▸ Exercise goal
Your copy should match the entries below exactly, apart from the images.

▸ Material for this task
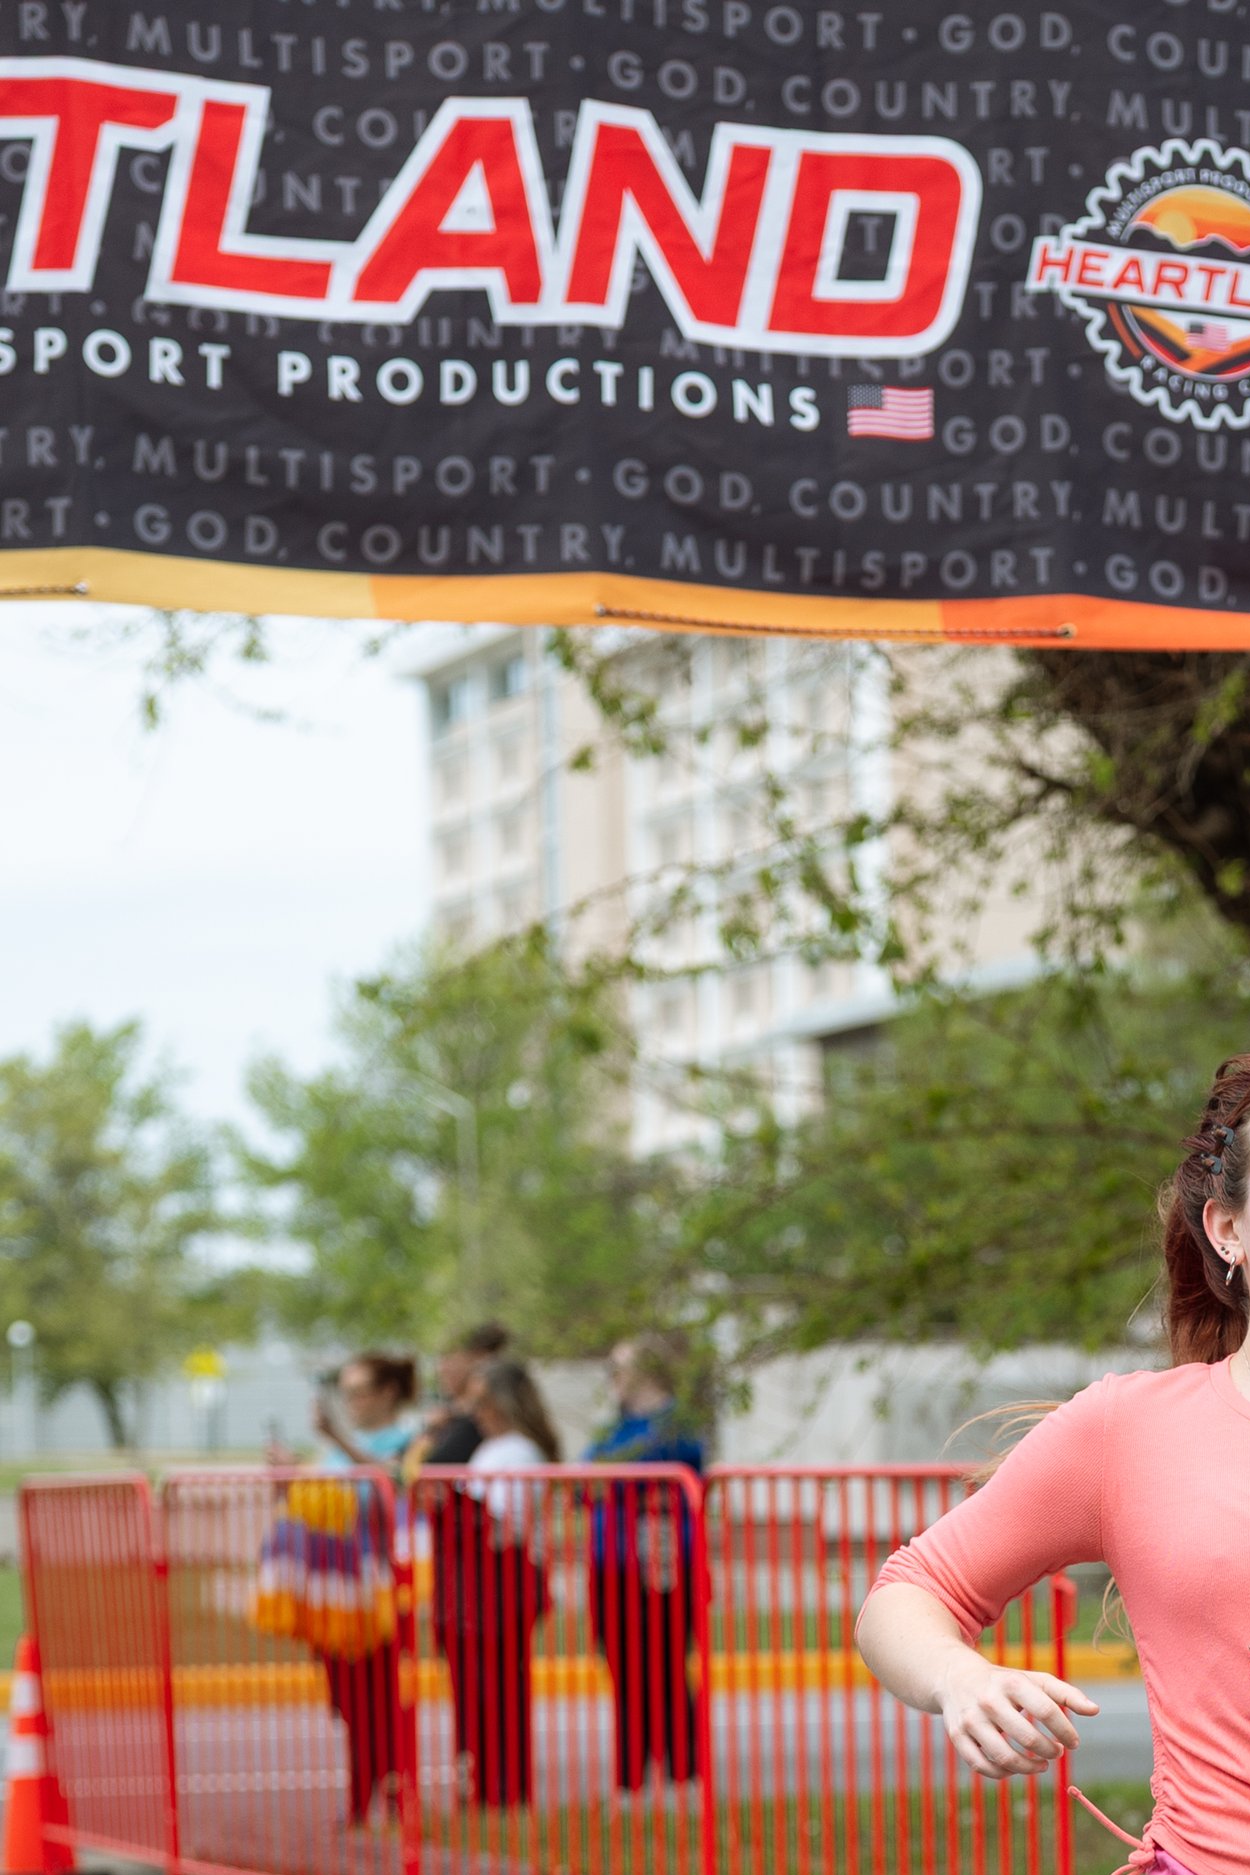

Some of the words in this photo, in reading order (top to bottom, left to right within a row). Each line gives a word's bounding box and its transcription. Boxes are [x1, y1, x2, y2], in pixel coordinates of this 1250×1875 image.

[126, 11, 549, 82] MULTISPORT
[608, 50, 755, 111] GOD,
[781, 75, 1081, 123] COUNTRY,
[939, 12, 1081, 56] GOD,
[1105, 167, 1197, 240] MULTISPORT
[277, 350, 822, 432] PRODUCTIONS
[1139, 354, 1230, 400] RACING
[942, 414, 1079, 457] GOD,
[133, 432, 555, 497] MULTISPORT
[613, 457, 761, 517] GOD,
[789, 478, 1081, 524] COUNTRY,
[134, 503, 289, 560] GOD,
[317, 522, 635, 568] COUNTRY,
[660, 532, 1055, 590] MULTISPORT
[1104, 553, 1238, 606] GOD,

▸ Written response
Some of the words in this photo, in reading order (top to bottom, left to right within a row). Each line gives a word's bounding box and its transcription. Boxes are [x1, y1, x2, y2], in pixel coordinates of this 1250×1875 image.

[126, 11, 549, 82] MULTISPORT
[608, 50, 755, 111] GOD,
[781, 75, 1081, 123] COUNTRY,
[939, 12, 1081, 56] GOD,
[1105, 167, 1197, 240] MULTISPORT
[277, 350, 822, 432] PRODUCTIONS
[1139, 354, 1230, 400] RACING
[942, 414, 1079, 457] GOD,
[133, 432, 555, 497] MULTISPORT
[613, 457, 761, 517] GOD,
[789, 478, 1081, 524] COUNTRY,
[134, 503, 289, 560] GOD,
[317, 522, 635, 568] COUNTRY,
[660, 532, 1055, 590] MULTISPORT
[1104, 553, 1238, 606] GOD,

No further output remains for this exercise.